Overview: Kenneth Wehr, the Greenlandic Wikipedia, and AI-generated content
Kenneth Wehr is a volunteer who helped manage the Greenlandic Wikipedia. In recent years he and other community members found themselves deleting large numbers of low quality pages. The content had been produced automatically or with AI assistance, and the small pool of native Greenlandic speakers on the project could not keep up.
This is not only a Greenland story. Small language Wikipedias across the world face similar pressure. Automated article creation, AI-assisted writing tools, and apps that pull data from central databases are flooding these projects. Few native speakers can moderate the surge. The result is a cycle that damages quality and reduces incentives for local communities to contribute.

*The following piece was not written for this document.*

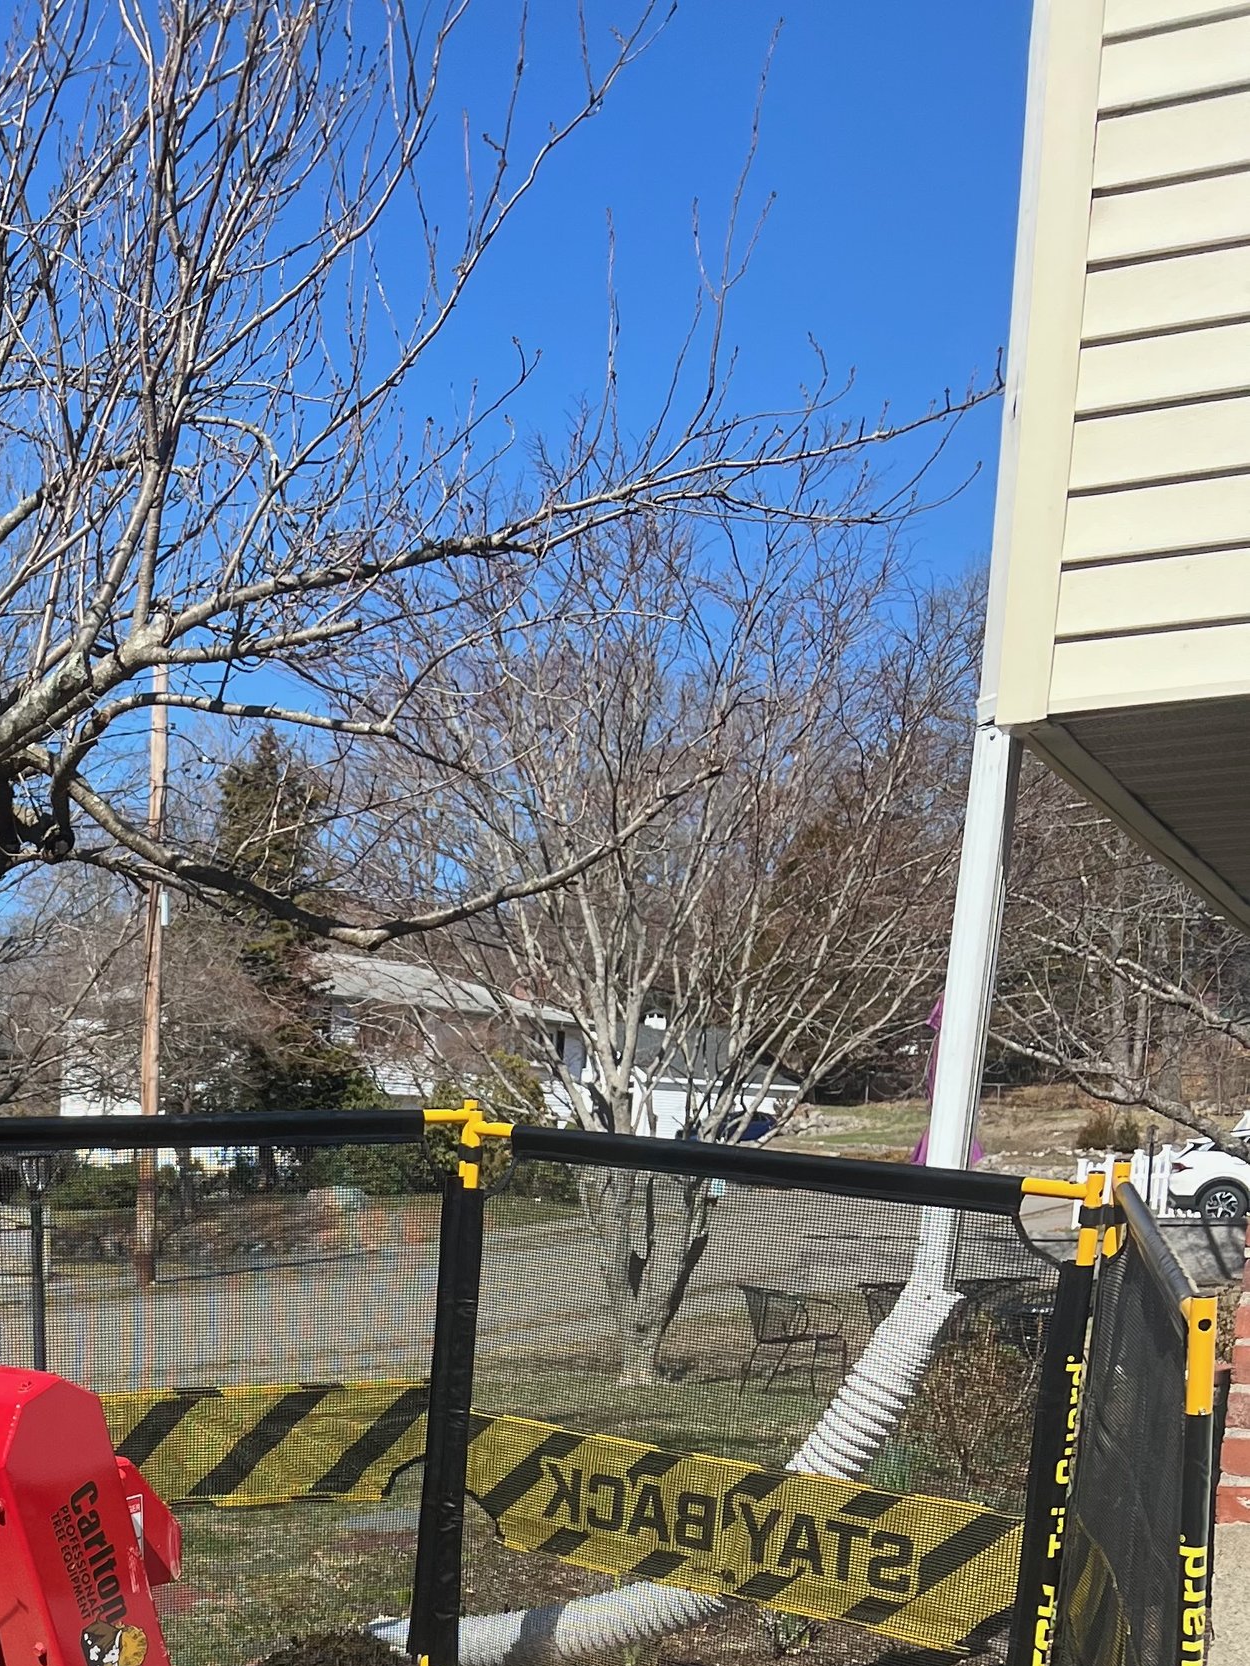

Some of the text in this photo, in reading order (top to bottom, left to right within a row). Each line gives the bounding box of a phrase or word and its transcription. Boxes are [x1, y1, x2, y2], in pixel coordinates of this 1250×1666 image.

What happened on Greenlandic Wikipedia
Volunteers discovered thousands of short articles that looked factual on the surface but were often shallow, wrong, or misleading. Many of those pages were generated by bots or AI systems that use structured data sources such as Wikidata. Faced with an unsustainable volume of low value pages, stewards like Wehr opted to delete much of the mass-created content to preserve the encyclopedia’s credibility.
Those deletions were a hard decision. Deleting content can erase traces of language use, and it can alienate contributors who did not understand the problem. But leaving poor material online risks making the site less useful for native speakers, learners, and researchers.
How AI and automation flood small-language Wikipedias
Several technical and social mechanisms combine to create the flood of automated content.
- Bot-driven article creation. Scripts can turn structured database entries into short encyclopedia pages quickly. For large languages that speeds content growth, but for small languages it can overwhelm human reviewers.
- AI-assisted writing. Language models can draft text from templates, producing many superficially coherent entries that lack depth or local context.
- Third-party apps and services. Some apps pull content from Wikidata or small Wikipedias to feed dictionaries, travel guides, or AI inputs. Those apps may automatically create or resurface content with limited quality checks.
- Limited moderation capacity. Small-language projects often have only a handful of native speakers with editing skills; they cannot keep up with high-volume automated additions.
Why this matters to ordinary readers
Content in a native language shapes who can find information and who can participate online. When encyclopedias in small languages are filled with low quality pages, consequences include:
- Less reliable knowledge for native speakers and learners.
- Lower motivation for community members to contribute authentic, culturally informed content.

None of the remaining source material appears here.